AIM OF THE EXERCISE →
Reproduce every entry exactly.

Spatial localization data →

Start of Block

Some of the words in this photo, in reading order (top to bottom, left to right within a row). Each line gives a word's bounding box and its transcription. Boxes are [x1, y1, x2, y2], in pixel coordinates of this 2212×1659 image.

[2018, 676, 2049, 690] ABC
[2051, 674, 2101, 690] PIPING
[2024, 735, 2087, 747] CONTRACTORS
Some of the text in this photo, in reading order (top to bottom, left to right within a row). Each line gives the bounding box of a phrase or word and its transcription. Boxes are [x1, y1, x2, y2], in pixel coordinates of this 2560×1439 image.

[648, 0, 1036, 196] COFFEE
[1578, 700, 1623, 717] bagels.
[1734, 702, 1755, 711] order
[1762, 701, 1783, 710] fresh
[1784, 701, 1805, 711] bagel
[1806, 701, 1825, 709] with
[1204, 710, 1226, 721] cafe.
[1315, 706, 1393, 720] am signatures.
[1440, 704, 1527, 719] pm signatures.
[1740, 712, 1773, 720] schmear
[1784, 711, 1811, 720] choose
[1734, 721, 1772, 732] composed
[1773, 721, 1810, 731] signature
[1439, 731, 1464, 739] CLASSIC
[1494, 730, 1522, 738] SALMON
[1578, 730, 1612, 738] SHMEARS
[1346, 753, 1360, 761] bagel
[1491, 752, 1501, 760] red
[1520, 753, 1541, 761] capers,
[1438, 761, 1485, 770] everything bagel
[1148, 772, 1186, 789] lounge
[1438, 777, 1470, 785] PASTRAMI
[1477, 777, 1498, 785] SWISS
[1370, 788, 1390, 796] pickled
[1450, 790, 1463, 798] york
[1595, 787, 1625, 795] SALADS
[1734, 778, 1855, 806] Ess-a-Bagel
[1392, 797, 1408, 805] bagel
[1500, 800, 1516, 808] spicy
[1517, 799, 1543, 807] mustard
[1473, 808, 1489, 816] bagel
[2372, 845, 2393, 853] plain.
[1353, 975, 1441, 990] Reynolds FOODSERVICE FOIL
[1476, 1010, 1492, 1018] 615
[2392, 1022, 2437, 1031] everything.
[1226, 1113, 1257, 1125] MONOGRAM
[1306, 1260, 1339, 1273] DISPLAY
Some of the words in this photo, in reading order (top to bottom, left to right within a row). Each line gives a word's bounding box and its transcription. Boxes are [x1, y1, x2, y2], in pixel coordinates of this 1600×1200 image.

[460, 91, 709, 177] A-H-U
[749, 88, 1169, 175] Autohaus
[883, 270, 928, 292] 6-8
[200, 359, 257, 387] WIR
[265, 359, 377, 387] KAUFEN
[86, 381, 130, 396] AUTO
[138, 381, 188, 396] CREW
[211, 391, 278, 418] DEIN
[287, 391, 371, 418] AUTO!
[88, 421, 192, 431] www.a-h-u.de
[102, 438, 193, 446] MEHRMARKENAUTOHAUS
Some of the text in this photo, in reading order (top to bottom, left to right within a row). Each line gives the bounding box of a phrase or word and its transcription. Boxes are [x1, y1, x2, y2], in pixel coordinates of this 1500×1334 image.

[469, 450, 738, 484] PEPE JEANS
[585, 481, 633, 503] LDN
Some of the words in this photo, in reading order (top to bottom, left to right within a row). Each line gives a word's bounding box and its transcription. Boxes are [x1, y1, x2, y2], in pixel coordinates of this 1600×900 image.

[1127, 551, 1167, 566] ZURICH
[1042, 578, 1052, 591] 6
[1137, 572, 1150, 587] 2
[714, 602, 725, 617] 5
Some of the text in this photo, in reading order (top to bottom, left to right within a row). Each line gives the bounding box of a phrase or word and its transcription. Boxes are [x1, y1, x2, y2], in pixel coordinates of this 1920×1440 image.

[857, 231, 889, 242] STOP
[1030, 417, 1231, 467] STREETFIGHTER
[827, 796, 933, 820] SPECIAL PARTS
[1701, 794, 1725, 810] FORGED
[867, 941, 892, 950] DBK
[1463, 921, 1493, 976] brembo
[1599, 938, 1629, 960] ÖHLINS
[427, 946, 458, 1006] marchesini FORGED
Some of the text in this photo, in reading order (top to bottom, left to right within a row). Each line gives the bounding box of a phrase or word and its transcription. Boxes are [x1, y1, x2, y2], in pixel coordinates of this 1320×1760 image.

End of Block

RESULT OF THE EXERCISE →
Some of the words in this photo, in reading order (top to bottom, left to right within a row). Each line gives a word's bounding box and its transcription. Boxes are [x1, y1, x2, y2], in pixel coordinates of this 2212×1659 image.

[2018, 676, 2049, 690] ABC
[2051, 674, 2101, 690] PIPING
[2024, 735, 2087, 747] CONTRACTORS
Some of the text in this photo, in reading order (top to bottom, left to right within a row). Each line gives the bounding box of a phrase or word and its transcription. Boxes are [x1, y1, x2, y2], in pixel coordinates of this 2560×1439 image.

[648, 0, 1036, 196] COFFEE
[1578, 700, 1623, 717] bagels.
[1734, 702, 1755, 711] order
[1762, 701, 1783, 710] fresh
[1784, 701, 1805, 711] bagel
[1806, 701, 1825, 709] with
[1204, 710, 1226, 721] cafe.
[1315, 706, 1393, 720] am signatures.
[1440, 704, 1527, 719] pm signatures.
[1740, 712, 1773, 720] schmear
[1784, 711, 1811, 720] choose
[1734, 721, 1772, 732] composed
[1773, 721, 1810, 731] signature
[1439, 731, 1464, 739] CLASSIC
[1494, 730, 1522, 738] SALMON
[1578, 730, 1612, 738] SHMEARS
[1346, 753, 1360, 761] bagel
[1491, 752, 1501, 760] red
[1520, 753, 1541, 761] capers,
[1438, 761, 1485, 770] everything bagel
[1148, 772, 1186, 789] lounge
[1438, 777, 1470, 785] PASTRAMI
[1477, 777, 1498, 785] SWISS
[1370, 788, 1390, 796] pickled
[1450, 790, 1463, 798] york
[1595, 787, 1625, 795] SALADS
[1734, 778, 1855, 806] Ess-a-Bagel
[1392, 797, 1408, 805] bagel
[1500, 800, 1516, 808] spicy
[1517, 799, 1543, 807] mustard
[1473, 808, 1489, 816] bagel
[2372, 845, 2393, 853] plain.
[1353, 975, 1441, 990] Reynolds FOODSERVICE FOIL
[1476, 1010, 1492, 1018] 615
[2392, 1022, 2437, 1031] everything.
[1226, 1113, 1257, 1125] MONOGRAM
[1306, 1260, 1339, 1273] DISPLAY
Some of the words in this photo, in reading order (top to bottom, left to right within a row). Each line gives a word's bounding box and its transcription. Boxes are [x1, y1, x2, y2], in pixel coordinates of this 1600×1200 image.

[460, 91, 709, 177] A-H-U
[749, 88, 1169, 175] Autohaus
[883, 270, 928, 292] 6-8
[200, 359, 257, 387] WIR
[265, 359, 377, 387] KAUFEN
[86, 381, 130, 396] AUTO
[138, 381, 188, 396] CREW
[211, 391, 278, 418] DEIN
[287, 391, 371, 418] AUTO!
[88, 421, 192, 431] www.a-h-u.de
[102, 438, 193, 446] MEHRMARKENAUTOHAUS
Some of the text in this photo, in reading order (top to bottom, left to right within a row). Each line gives the bounding box of a phrase or word and its transcription. Boxes are [x1, y1, x2, y2], in pixel coordinates of this 1500×1334 image.

[469, 450, 738, 484] PEPE JEANS
[585, 481, 633, 503] LDN
Some of the words in this photo, in reading order (top to bottom, left to right within a row). Each line gives a word's bounding box and its transcription. Boxes are [x1, y1, x2, y2], in pixel coordinates of this 1600×900 image.

[1127, 551, 1167, 566] ZURICH
[1042, 578, 1052, 591] 6
[1137, 572, 1150, 587] 2
[714, 602, 725, 617] 5
Some of the text in this photo, in reading order (top to bottom, left to right within a row). Each line gives the bounding box of a phrase or word and its transcription. Boxes are [x1, y1, x2, y2], in pixel coordinates of this 1920×1440 image.

[857, 231, 889, 242] STOP
[1030, 417, 1231, 467] STREETFIGHTER
[827, 796, 933, 820] SPECIAL PARTS
[1701, 794, 1725, 810] FORGED
[867, 941, 892, 950] DBK
[1463, 921, 1493, 976] brembo
[1599, 938, 1629, 960] ÖHLINS
[427, 946, 458, 1006] marchesini FORGED
Some of the text in this photo, in reading order (top to bottom, left to right within a row). Each line gives the bounding box of a phrase or word and its transcription. Boxes are [x1, y1, x2, y2], in pixel coordinates of this 1320×1760 image.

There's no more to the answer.